- Aim of the exercise -
Reproduce every record below exactly as written, but leave out any pictures.

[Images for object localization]
* * * * * * * * *

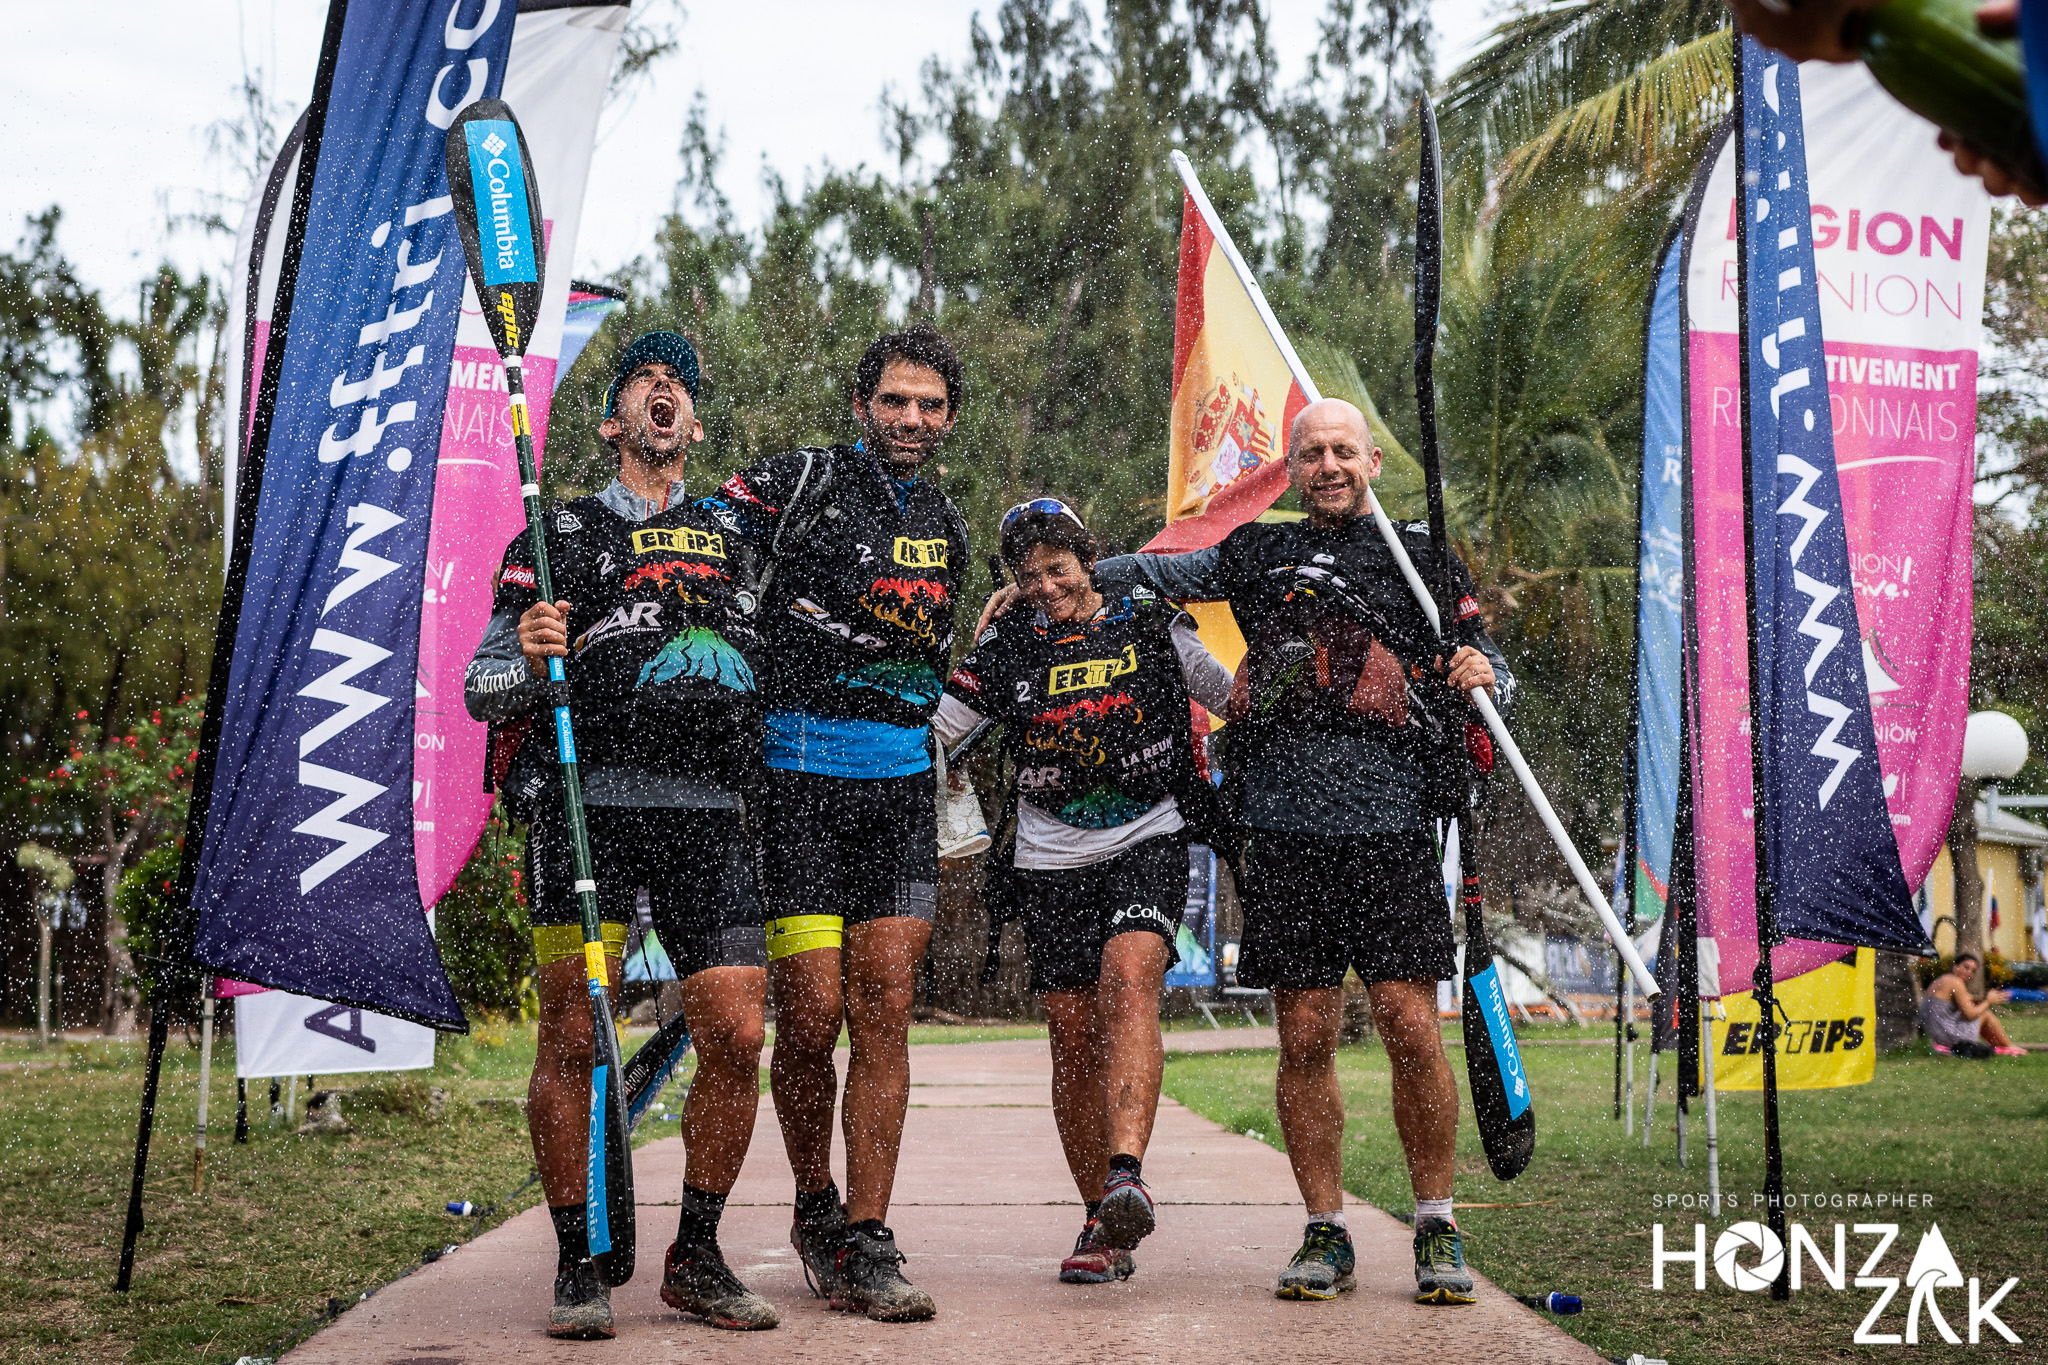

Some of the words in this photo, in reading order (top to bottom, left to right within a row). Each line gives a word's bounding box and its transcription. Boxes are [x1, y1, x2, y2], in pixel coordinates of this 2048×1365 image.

[487, 158, 520, 270] Columbia
[496, 291, 519, 349] epic
[1826, 354, 1961, 391] TIVEMENT
[595, 551, 617, 576] 2
[855, 543, 875, 563] 2
[600, 601, 664, 633] AR
[1016, 680, 1032, 703] 2
[561, 720, 573, 758] Columbia
[531, 820, 546, 909] Columbia
[1489, 977, 1518, 1077] Columbia
[586, 1116, 600, 1240] Columbia
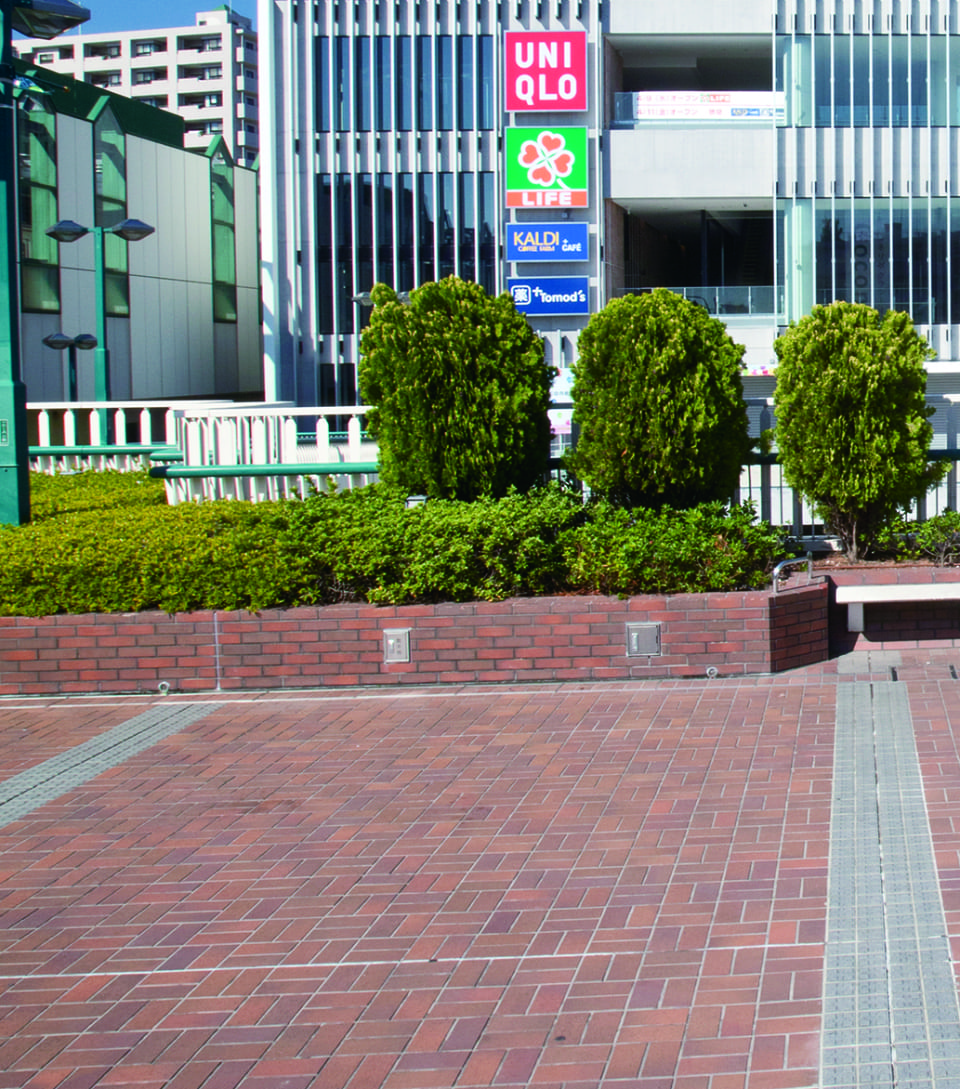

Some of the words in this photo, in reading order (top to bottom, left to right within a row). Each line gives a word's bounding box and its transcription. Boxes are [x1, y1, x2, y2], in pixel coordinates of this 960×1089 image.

[515, 42, 571, 68] UNI
[515, 74, 577, 105] QLO
[522, 191, 572, 206] LIFE
[513, 231, 560, 246] KALDI
[540, 290, 586, 303] Tomod's
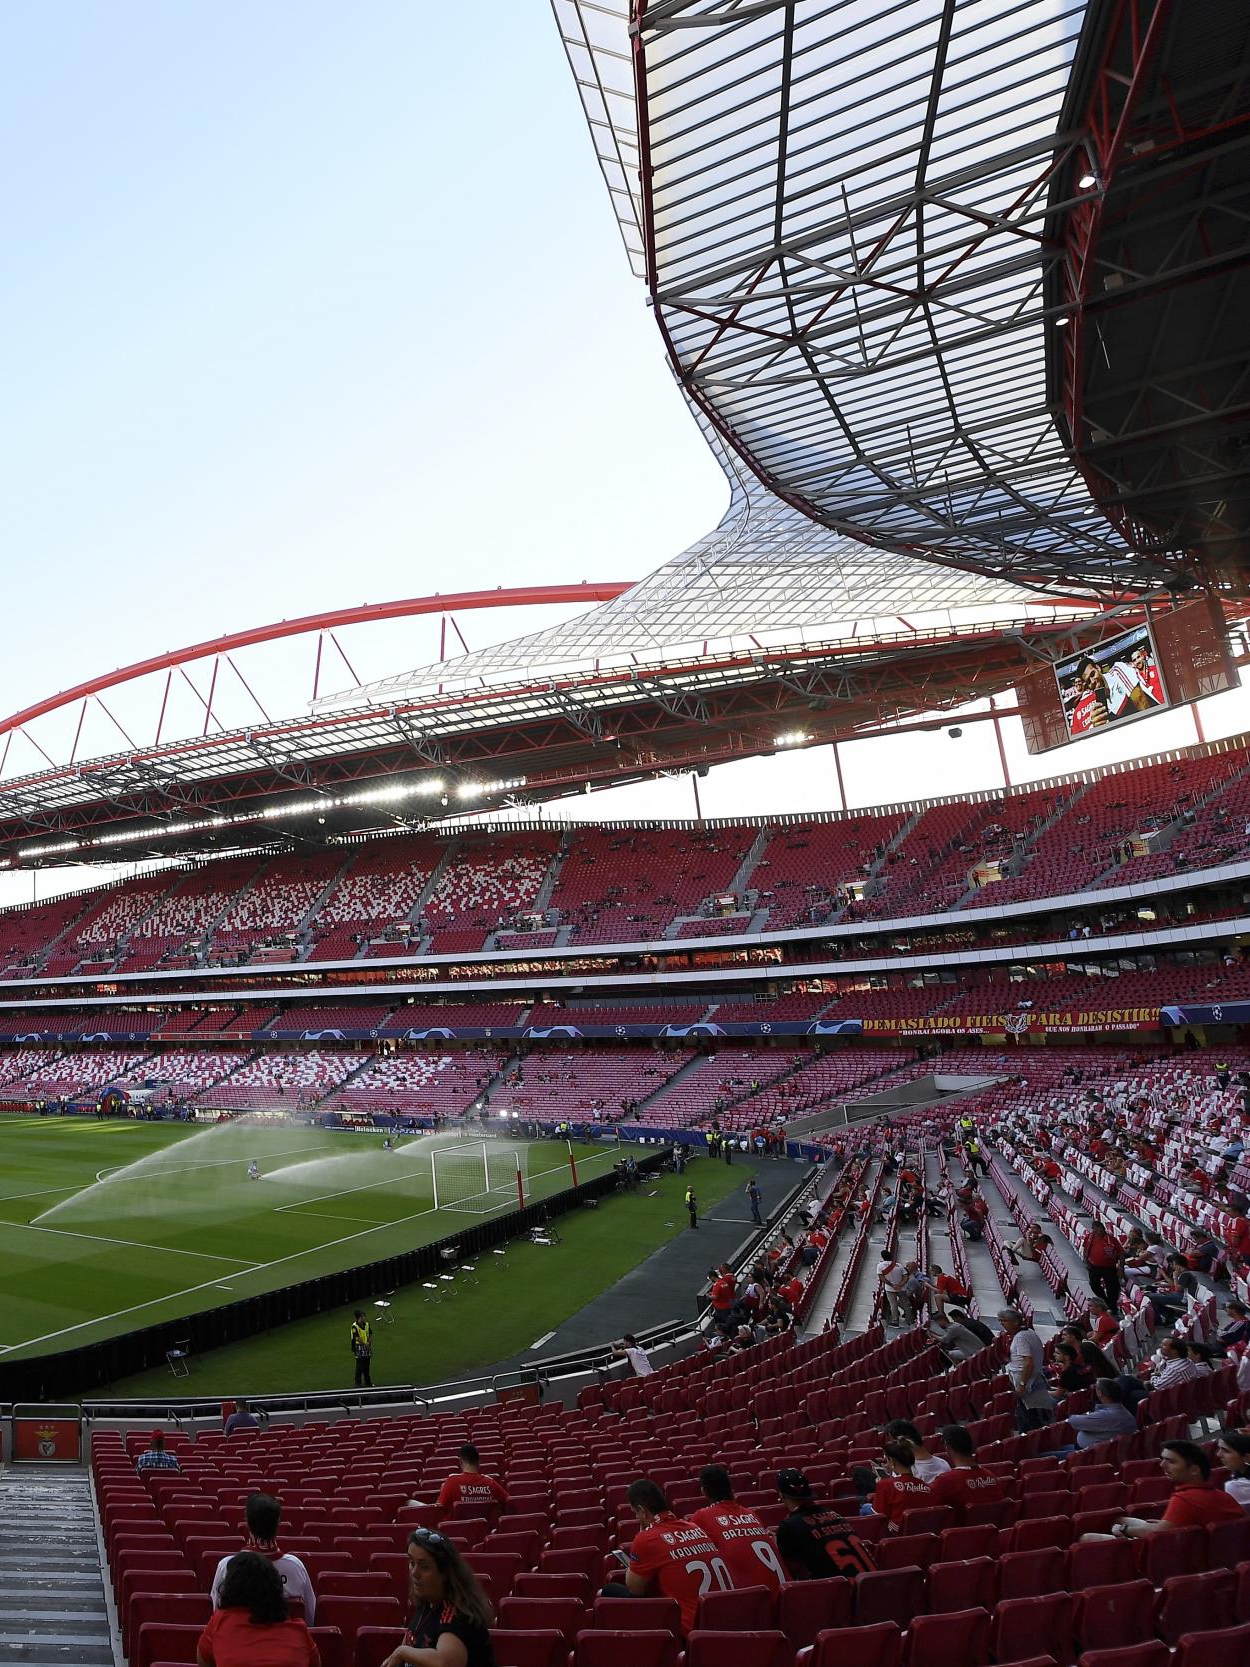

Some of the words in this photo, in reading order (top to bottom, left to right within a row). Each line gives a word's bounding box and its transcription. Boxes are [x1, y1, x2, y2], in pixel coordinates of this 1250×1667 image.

[863, 1017, 961, 1030] DEMASIADO
[966, 1015, 1007, 1027] FIEIS
[1026, 1013, 1072, 1025] PARA
[1078, 1008, 1160, 1025] DESISTIR!!
[356, 1125, 384, 1133] Heineken
[467, 1485, 491, 1495] SAGRES
[751, 1541, 786, 1584] 9
[685, 1557, 734, 1594] 20
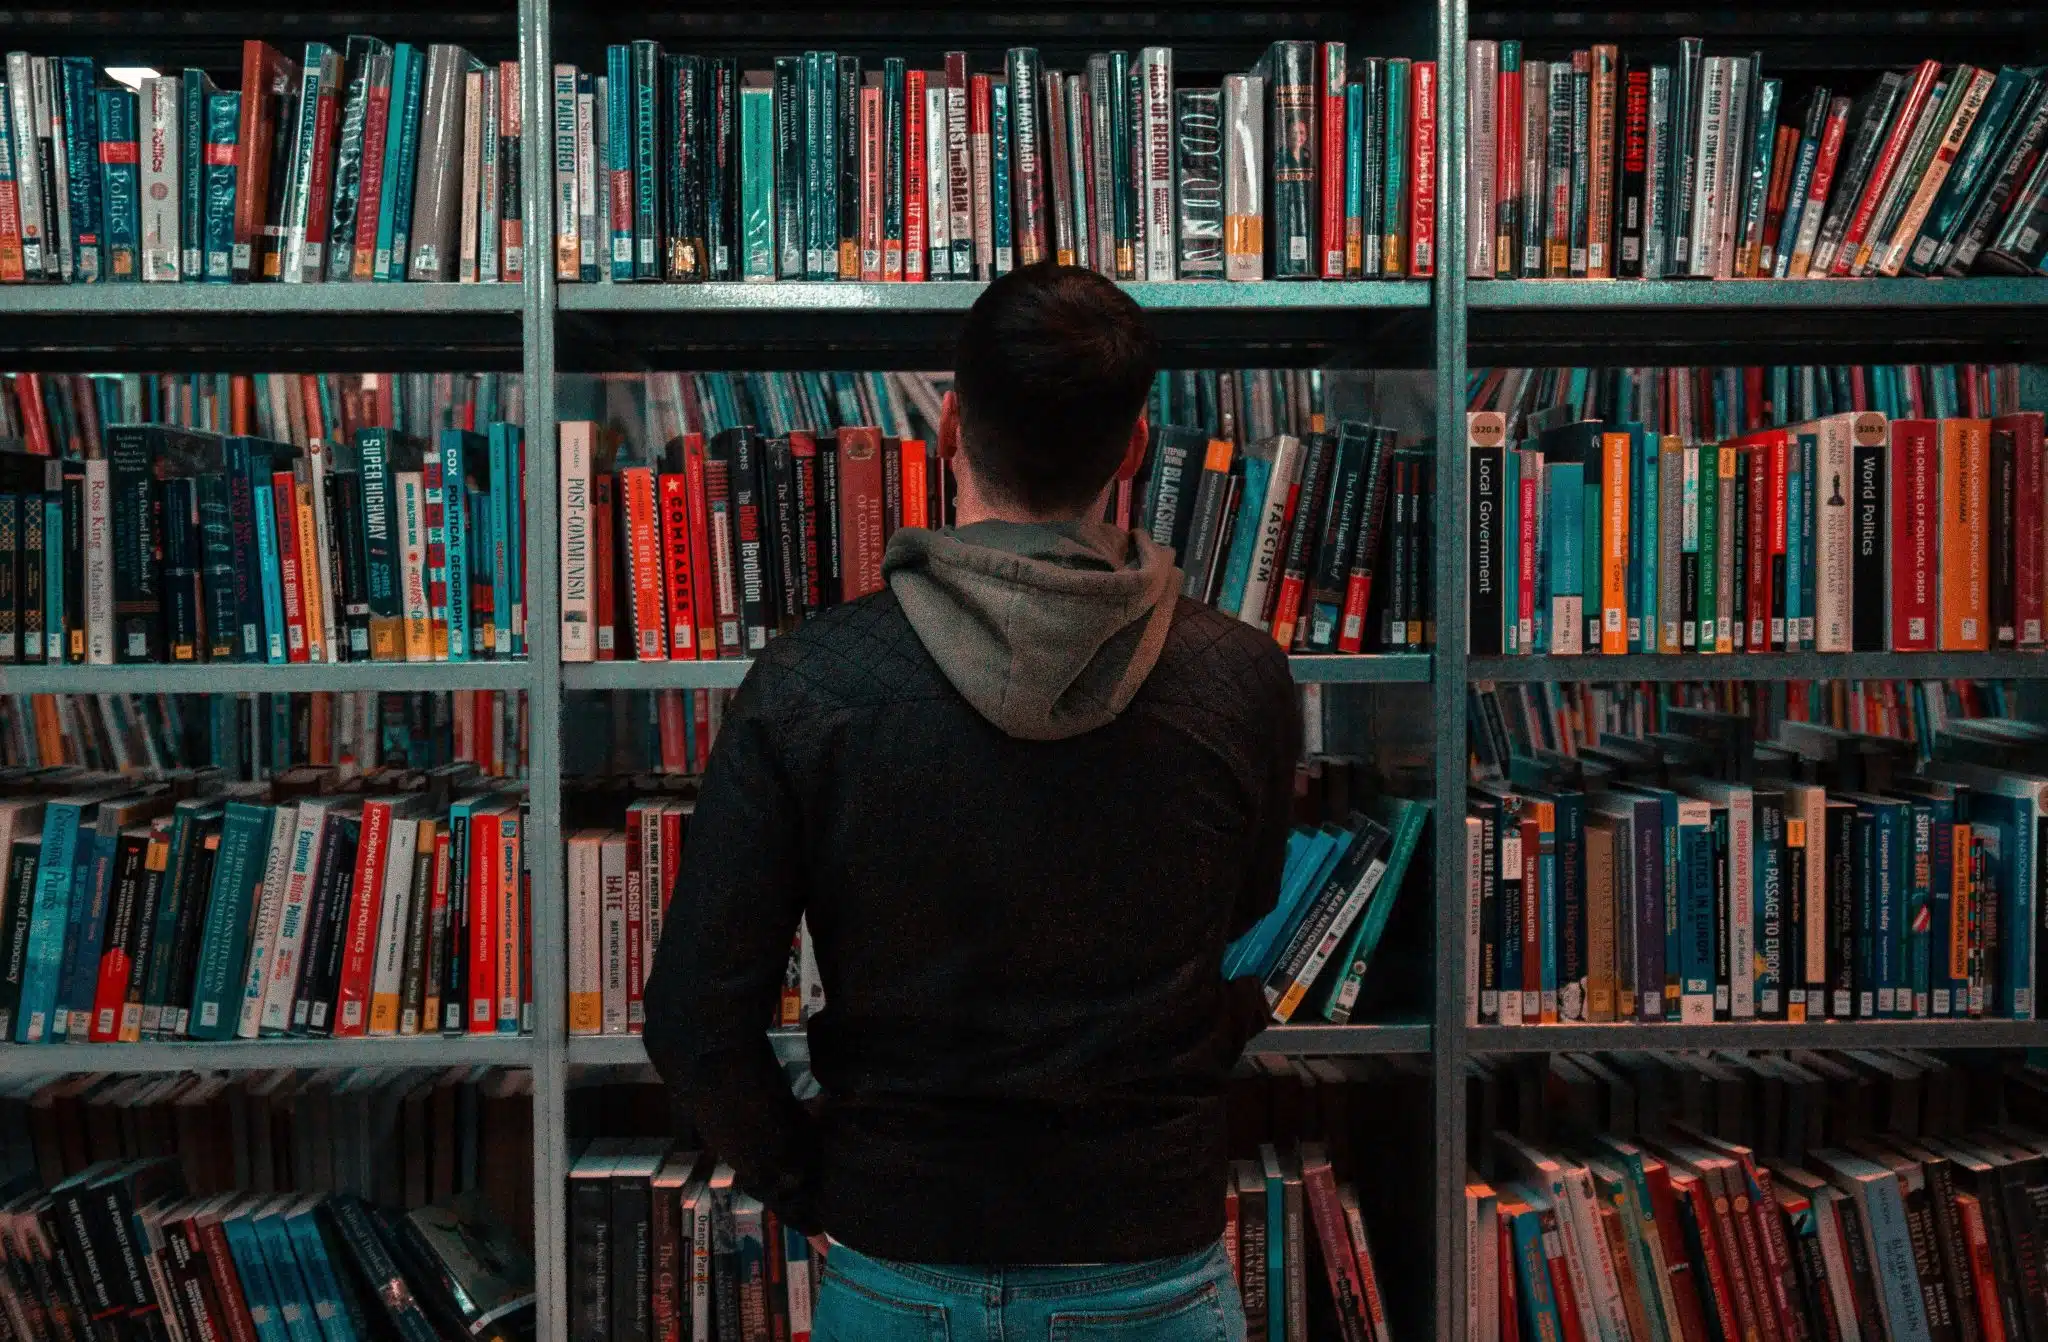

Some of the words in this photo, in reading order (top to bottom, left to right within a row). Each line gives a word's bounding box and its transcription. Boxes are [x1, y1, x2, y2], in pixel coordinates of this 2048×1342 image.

* * * * * * * * *

- Response to the exercise -
Some of the words in this photo, in reading order (top to bottom, left to right within a row). Each line gives a word's bounding box and its transcription. Boxes are [x1, y1, x2, y2], in pixel coordinates of this 2048×1365 image.

[487, 158, 520, 270] Columbia
[496, 291, 519, 349] epic
[1826, 354, 1961, 391] TIVEMENT
[595, 551, 617, 576] 2
[855, 543, 875, 563] 2
[600, 601, 664, 633] AR
[1016, 680, 1032, 703] 2
[561, 720, 573, 758] Columbia
[531, 820, 546, 909] Columbia
[1489, 977, 1518, 1077] Columbia
[586, 1116, 600, 1240] Columbia

Some of the words in this photo, in reading order (top to bottom, left to right within a row). Each line gives a word's bounding box and its transcription. Boxes are [x1, y1, x2, y2], in pixel coordinates of this 960×1089 image.

[515, 42, 571, 68] UNI
[515, 74, 577, 105] QLO
[522, 191, 572, 206] LIFE
[513, 231, 560, 246] KALDI
[540, 290, 586, 303] Tomod's

Some of the words in this photo, in reading order (top to bottom, left to right within a row). Each line gives a word's bounding box and its transcription. Boxes are [x1, y1, x2, y2], in pixel coordinates of this 1250×1667 image.

[863, 1017, 961, 1030] DEMASIADO
[966, 1015, 1007, 1027] FIEIS
[1026, 1013, 1072, 1025] PARA
[1078, 1008, 1160, 1025] DESISTIR!!
[356, 1125, 384, 1133] Heineken
[467, 1485, 491, 1495] SAGRES
[751, 1541, 786, 1584] 9
[685, 1557, 734, 1594] 20

Some of the words in this photo, in reading order (top to bottom, left to right within a row). Each line gives a word's bounding box and its transcription. Boxes are [x1, y1, x2, y2], in pixel coordinates of this 2048×1342 image.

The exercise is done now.